Look for a tree stump in the woods. Compare it to love,
examine the particulars, how your mother mounted
your father on Labor Day in a bungalow, Liberty, New York.
Describe a snowfall before your parents met. Take your time.
Leave out myth and literature. Relate it to life in an American
town, one with a rotating cocktail lounge.
Now imagine yourself as a parchment worm
wedged into a crevice to avoid attack. Liken your fear
to a clamp. How does it resemble the opal clam
from New South Wales? Speak up. Check it out.
Write a poem of departure in which you use the color blue,
a hue like the glow of fish cast ashore by a stormy sea.
Your parents are leaving town. They’ve rented a bungalow
in Liberty, New York. You’re not around to say: after dark,
exact change. You’re not even a tiny moonlet in a microscope,
a bluet in the woods. Contrast your nothingness to words
that start with “k”: killjoy, kisscurl, kelp. Are these words
comical in any special way? Say how you feel about kale.
Will you grow to leave it on your plate?
Your parents sit in a trance.
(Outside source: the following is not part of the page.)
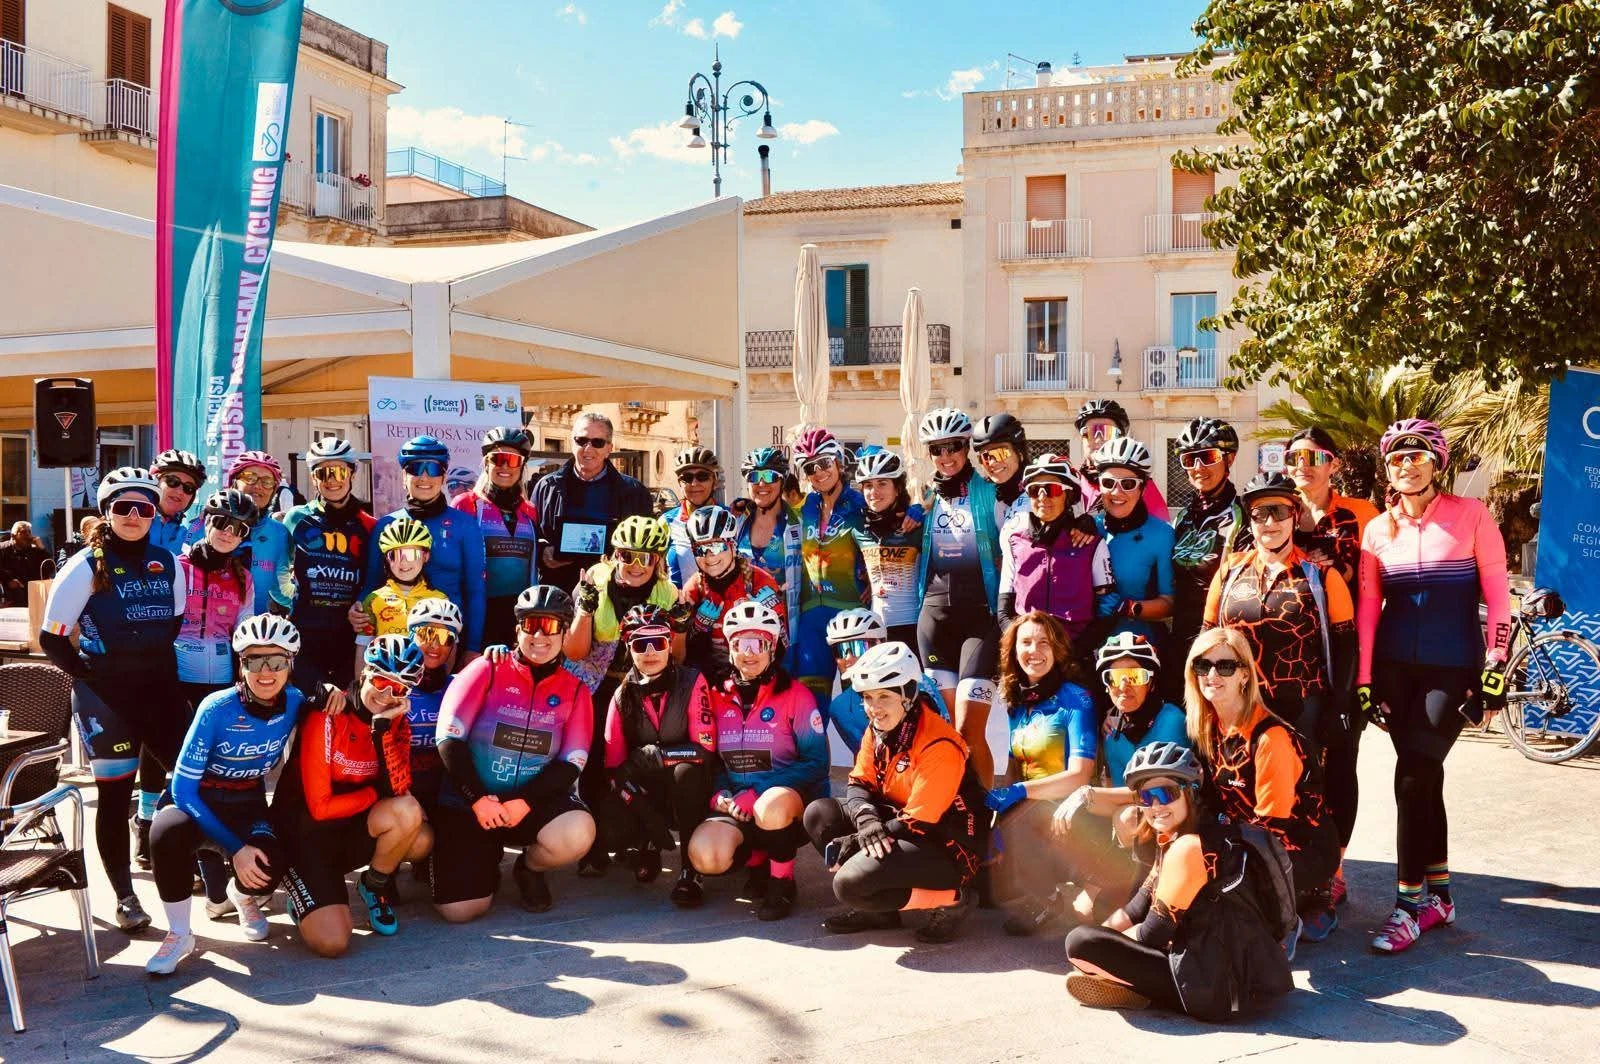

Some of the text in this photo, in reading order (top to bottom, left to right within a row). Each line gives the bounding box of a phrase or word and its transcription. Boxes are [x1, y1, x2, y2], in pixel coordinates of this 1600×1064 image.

They have just made love
and are counting snowflakes: uno, dos, tres …
Are they from Bogota, Colombia, and in New York on
a whim? You are about to divide. Say something about the
intricate coil of DNA. Double helix. Double Dutch. Jump in.
Make the leap. Now you’re a nation newly emerged.
Dispense with history, the transitory passions of people’s wants.
Words are dropping fast.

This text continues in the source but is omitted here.